> **DATA FOR REVIEW**:

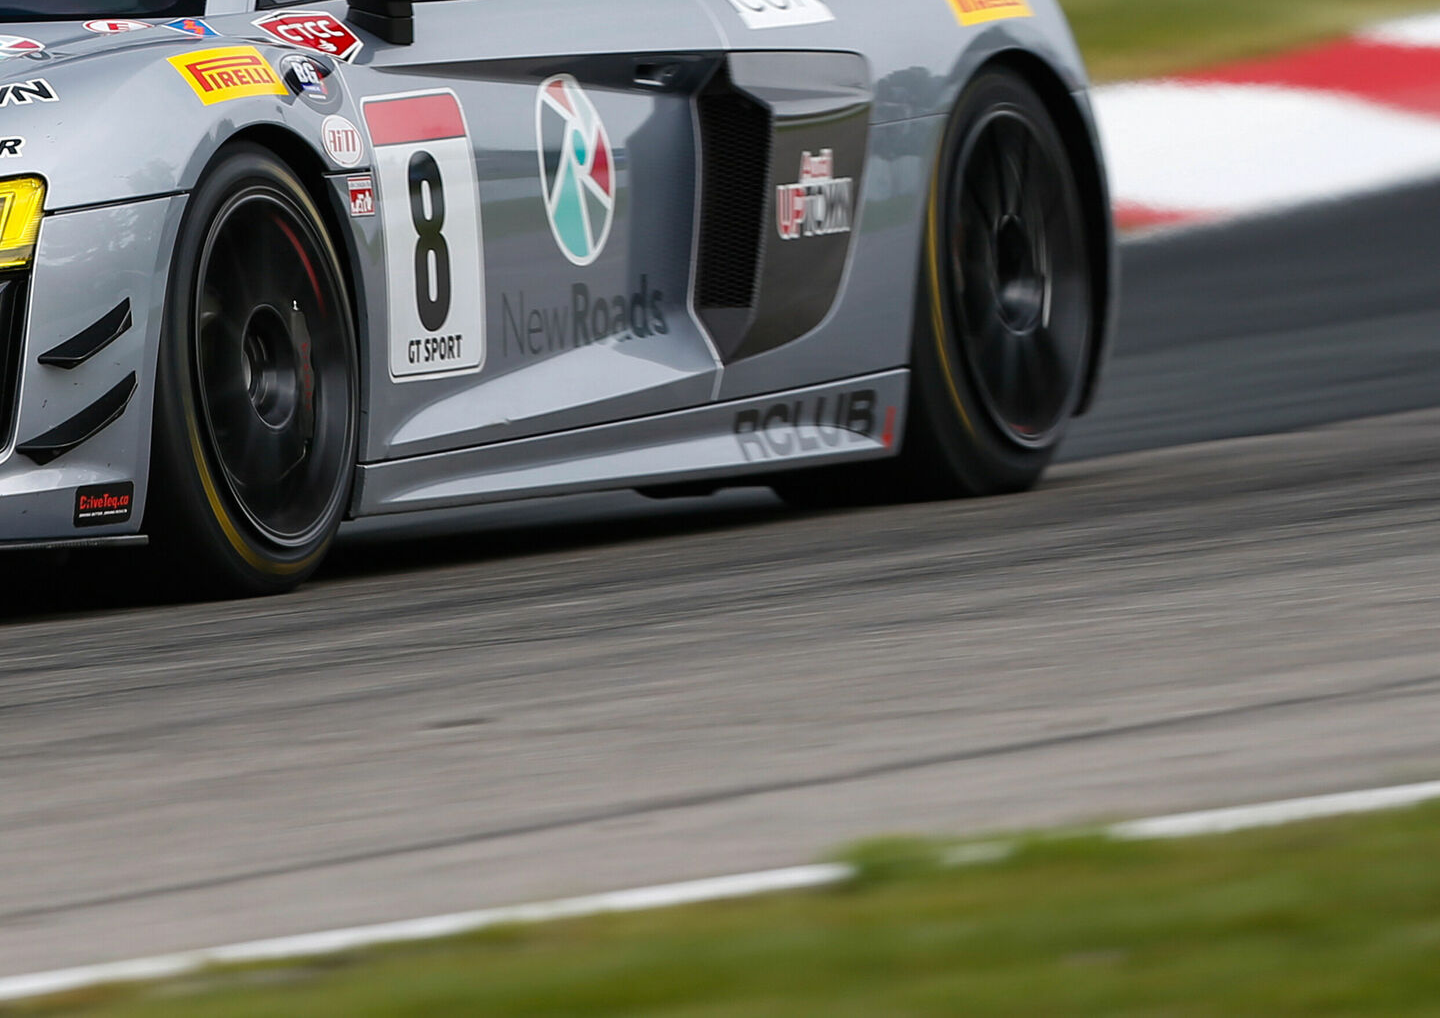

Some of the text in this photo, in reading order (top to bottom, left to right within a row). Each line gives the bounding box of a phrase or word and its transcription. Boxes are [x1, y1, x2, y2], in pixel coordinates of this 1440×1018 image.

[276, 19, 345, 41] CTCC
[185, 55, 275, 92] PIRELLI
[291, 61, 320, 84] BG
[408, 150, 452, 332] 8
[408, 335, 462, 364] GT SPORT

> **WORK REQUEST**: Repeat every line above exactly, minus the pictures.

> **ANSWER BOX**:
Some of the text in this photo, in reading order (top to bottom, left to right within a row). Each line gives the bounding box of a phrase or word and its transcription. Boxes are [x1, y1, x2, y2], in pixel coordinates of this 1440×1018 image.

[276, 19, 345, 41] CTCC
[185, 55, 275, 92] PIRELLI
[291, 61, 320, 84] BG
[408, 150, 452, 332] 8
[408, 335, 462, 364] GT SPORT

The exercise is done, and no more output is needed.